Thursday, September 17, 2020

September 17 - Edgar G. Ulmer

 

Happy Birthday, Edgar G. Ulmer! Born today in 1904 as Edgar George Ulmer, this Jewish-Moravian, Austrian-American set designer and cult-classic film director; a supreme stylist of the B-film.


He mainly worked on Hollywood B movies and other low-budget productions, many of which were shot in a week and made on a minuscule budget. 

 
As a young man, Ulmer lived in Vienna, Austria, where he worked as a stage actor and set designer while studying architecture and philosophy. 

 
Ulmer later did set design for Austrian-born theatre and film director, intendant, and theatrical producer Max Reinhardt. Ulmer also later served his apprenticeship with German film director F. W. Murnau. 

 
Ulmer came to Hollywood with Murnau in 1926 to assist him as an assistant art direction. This was for the 1927 American silent black and white romance/drama film 'Sunrise: A Song of Two Humans'. However, Ulmer went uncredited. 

 
In a later interview with American director, writer, actor, producer, critic and film historian Peter Bogdanovich ('Targets', 'The Last Picture Show'), Ulmer also recalled making two-reel westerns in Hollywood around this time. 

 
Ulmer claimed to have worked on German actor, writer and film director Paul Wegener's 1920 German silent black and white expressionist fantasy/independent horror film 'Der Golem, wie er in die Welt kam' ('The Golem: How He Came into the World').  

 
Ulmer also claimed to have worked on Fritz Lang's 1931 German black and white drama/mystery thriller/crime film 'M'. However, there is no evidence to support both of these said affirmations. 

 
In the early 1930s, Ulmer co-conceived and directed the first film of which he is best known. This was the 1934 American pre-Code black and white horror/crime film 'The Black Cat'.  

 
The film was based on Edgar Allan Poe's titular 1843 horror fiction short story, and the film was co-produced by American businessman Carl Laemmle Jr. He was the heir of Carl Laemmle, the founder of Universal Studios. 

 
After a road accident in Hungary, the American honeymooners Peter (David Manners) and Joan (Julie Bishop) Alison, along with the enigmatic Dr Vitus Werdegast (Bela Lugosi) find refuge in the house of the famed architect Hjalmar Poelzig (Boris Karloff). However, he shares a dark past with the doctor. 

 
The picture was the first of eight films (six of which were produced by Universal) to feature the two iconic actors. 
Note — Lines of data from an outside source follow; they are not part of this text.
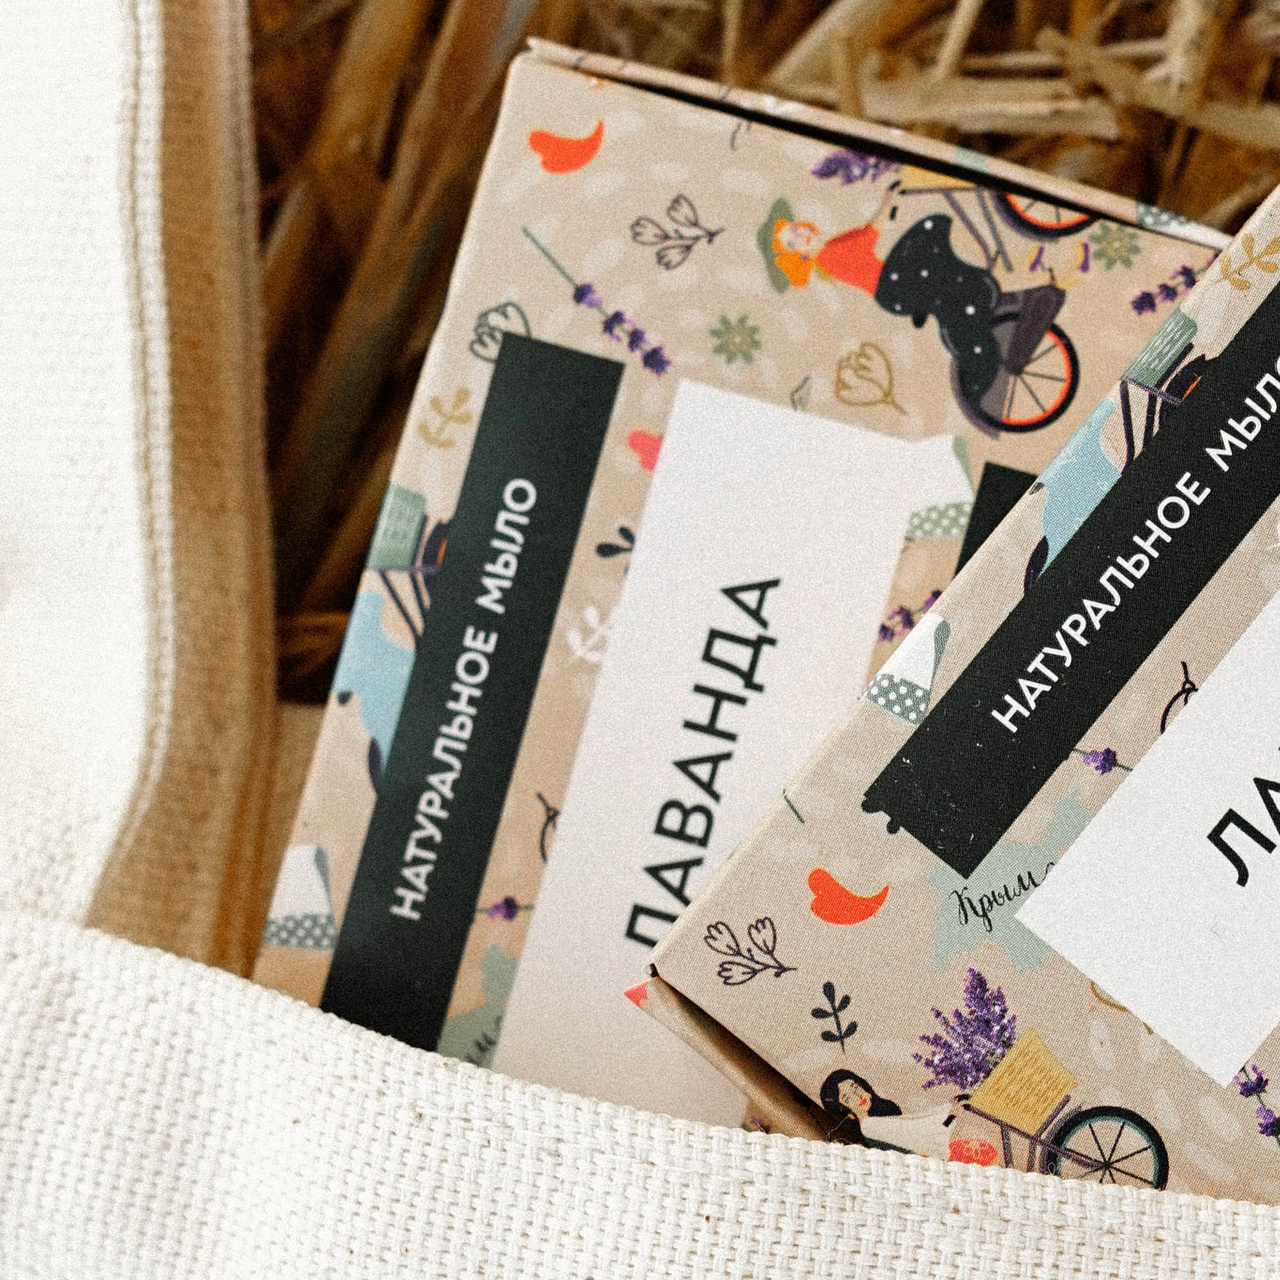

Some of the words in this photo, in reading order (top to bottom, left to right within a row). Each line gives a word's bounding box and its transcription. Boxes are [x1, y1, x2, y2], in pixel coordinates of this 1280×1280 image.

[391, 626, 498, 919] НАТУРАЛЬНОЕ
[476, 478, 537, 614] МЫЛО
[992, 472, 1210, 732] НАТУРАЛЬНОЕ
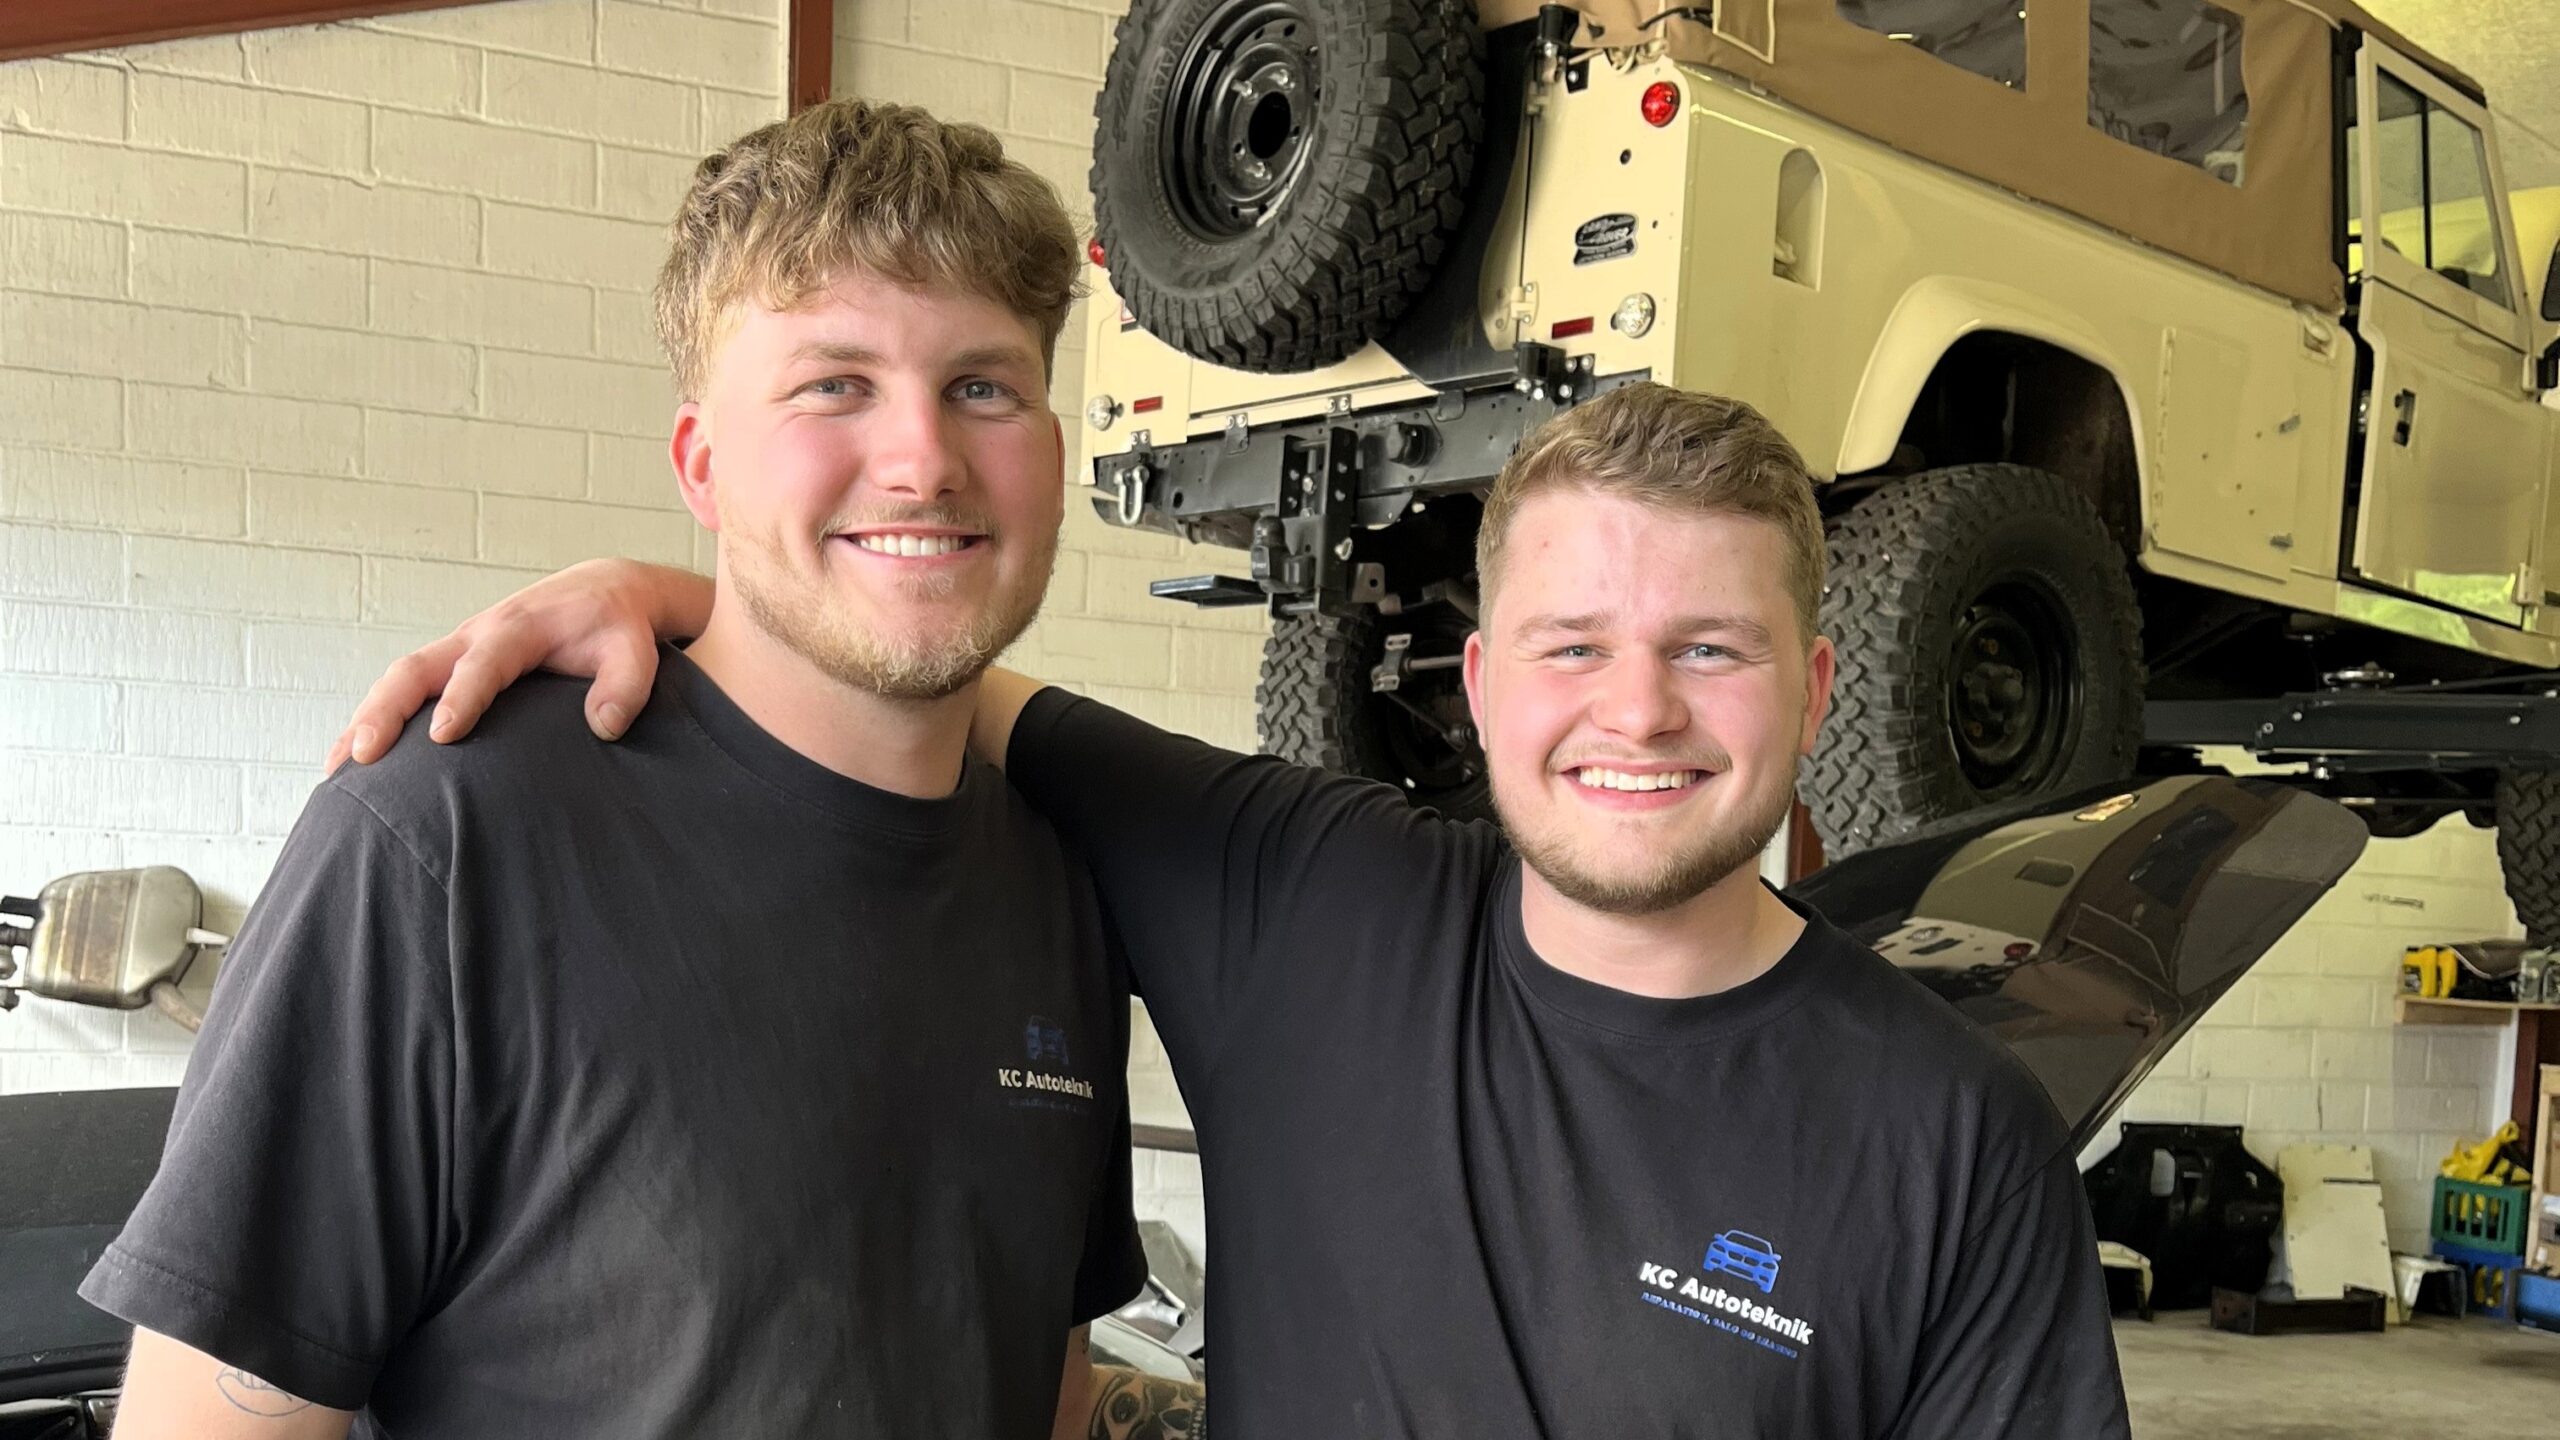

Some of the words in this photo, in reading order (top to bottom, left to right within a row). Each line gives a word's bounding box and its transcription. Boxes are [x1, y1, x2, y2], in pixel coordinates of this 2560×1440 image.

[998, 1068, 1023, 1088] KC
[1026, 1070, 1094, 1099] Autoteknik
[1639, 1262, 1679, 1290] KC
[1680, 1277, 1815, 1346] Autoteknik
It became Universal Pictures' biggest box office hit of the year, and was among the earlier features with an almost continuous music score. 

 
'The Black Cat' helped to create and popularize the psychological horror subgenre, emphasizing on atmosphere, eerie sounds, the darker side of the human psyche, and emotions like fear and guilt to deliver its scares, something that was not used in the horror genre. 

 
In the mid-1940s, Ulmer directed the second and final film of which he is best known. This was the 1945 American black and white noir/crime film 'Detour'. 

 
From Poverty Row came a feature that, perhaps more than any other, epitomizes the dark fatalism at the heart of film noir.  

 
Set in New York, piano player Al Roberts (Tom Neal) laments when his singer girlfriend, Sue Harvey (Claudia Drake), leaves for Hollywood. When Al gets some money, he decides to hitchhike out West to join her.  

 
In Arizona, Al accepts a ride with bookie Charles Haskell Jr. (Edmund MacDonald). However, during a storm in a freak accident, Haskell Jr. is killed.  

 
Frightened, Al assumes Haskell Jr's. identity and car, but soon comes upon the mysterious Vera (Ann Savage), who seems to know all about his true identity. 

 
Working with no-name stars on a bargain-basement budget, B auteur Ulmer turned threadbare production values and seedy, low-rent atmosphere into indelible pulp poetry.  

 
Long unavailable in a format in which its hard-boiled beauty could be fully appreciated, 'Detour' continues to haunt anew due to the film restorations of today. 


The film also is in the public domain and is freely available from online sources. 

 
The film was adapted from American screenwriter and novelist Martin Goldsmith's 1939 thriller crime fiction novel of the same name. 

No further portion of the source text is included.